#### What you will do:
Your answer must be an exact copy of the data below, minus any pictures.

[Stored entries]
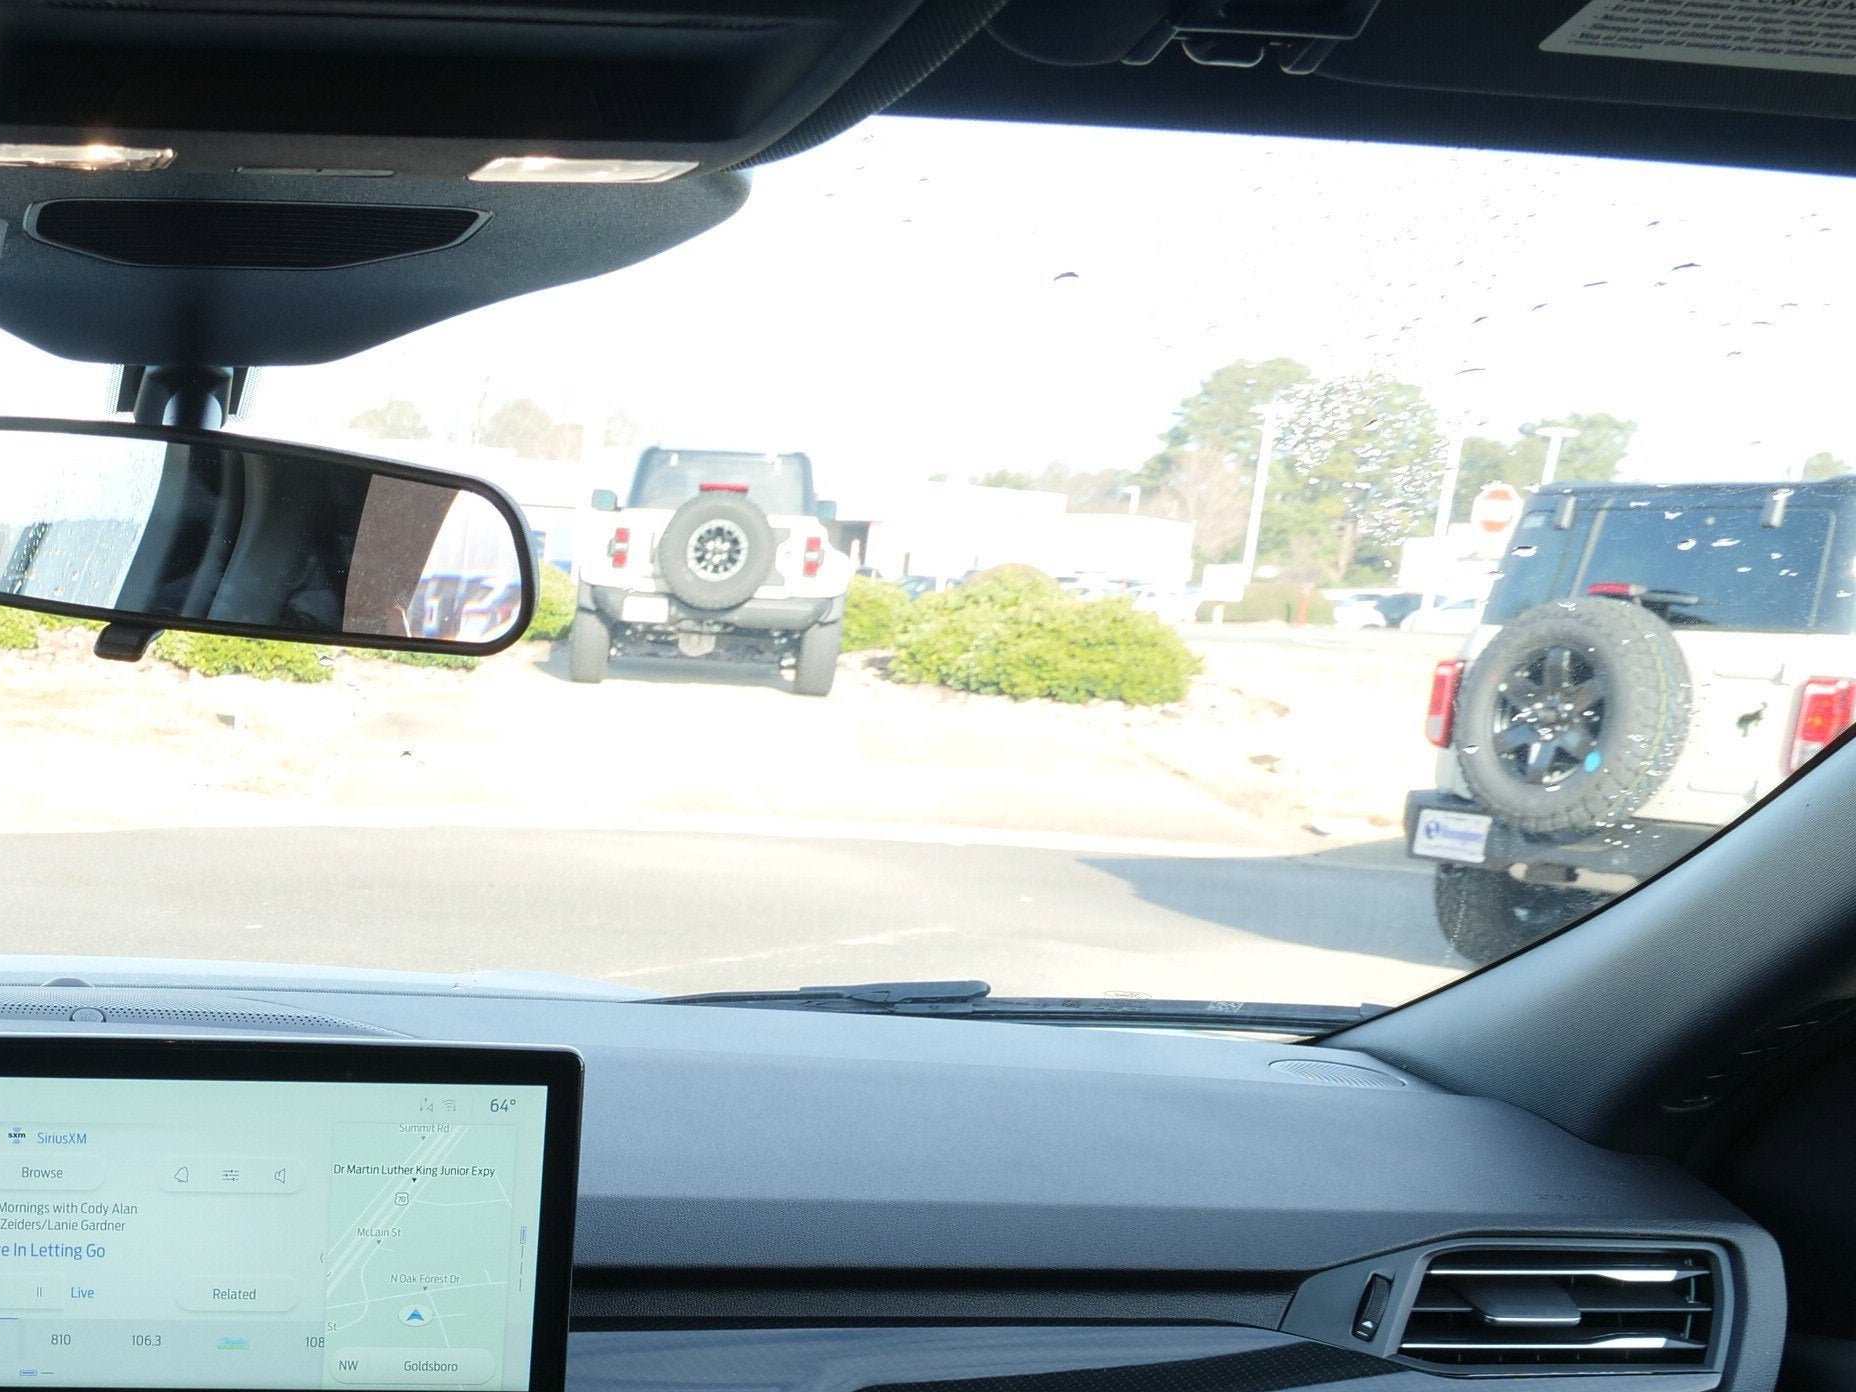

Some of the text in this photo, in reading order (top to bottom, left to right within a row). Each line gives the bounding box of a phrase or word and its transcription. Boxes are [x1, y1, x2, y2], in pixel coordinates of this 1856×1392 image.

[490, 1098, 517, 1113] 64°
[437, 1124, 450, 1133] Rd
[37, 1132, 87, 1146] SiriusXM
[21, 1166, 64, 1179] Browse
[334, 1164, 495, 1178] Dr Martin Luther King Junior Expy
[53, 1202, 78, 1215] with
[80, 1202, 109, 1218] Cody
[111, 1203, 138, 1216] Alan
[0, 1218, 79, 1232] Zeiders/Lanie
[81, 1219, 125, 1232] Gardner
[391, 1228, 401, 1237] St
[13, 1242, 27, 1258] In
[30, 1242, 82, 1260] Letting
[86, 1244, 106, 1259] Go
[390, 1274, 460, 1284] N Oak Forest Dr
[70, 1286, 95, 1300] Live
[213, 1288, 257, 1301] Related
[50, 1334, 72, 1346] 810
[131, 1335, 162, 1348] 106.3
[338, 1360, 359, 1371] NW
[403, 1359, 458, 1373] Goldsboro

#### Response area:
Some of the text in this photo, in reading order (top to bottom, left to right within a row). Each line gives the bounding box of a phrase or word and its transcription. Boxes are [x1, y1, x2, y2], in pixel coordinates of this 1856×1392 image.

[490, 1098, 517, 1113] 64°
[437, 1124, 450, 1133] Rd
[37, 1132, 87, 1146] SiriusXM
[21, 1166, 64, 1179] Browse
[334, 1164, 495, 1178] Dr Martin Luther King Junior Expy
[53, 1202, 78, 1215] with
[80, 1202, 109, 1218] Cody
[111, 1203, 138, 1216] Alan
[0, 1218, 79, 1232] Zeiders/Lanie
[81, 1219, 125, 1232] Gardner
[391, 1228, 401, 1237] St
[13, 1242, 27, 1258] In
[30, 1242, 82, 1260] Letting
[86, 1244, 106, 1259] Go
[390, 1274, 460, 1284] N Oak Forest Dr
[70, 1286, 95, 1300] Live
[213, 1288, 257, 1301] Related
[50, 1334, 72, 1346] 810
[131, 1335, 162, 1348] 106.3
[338, 1360, 359, 1371] NW
[403, 1359, 458, 1373] Goldsboro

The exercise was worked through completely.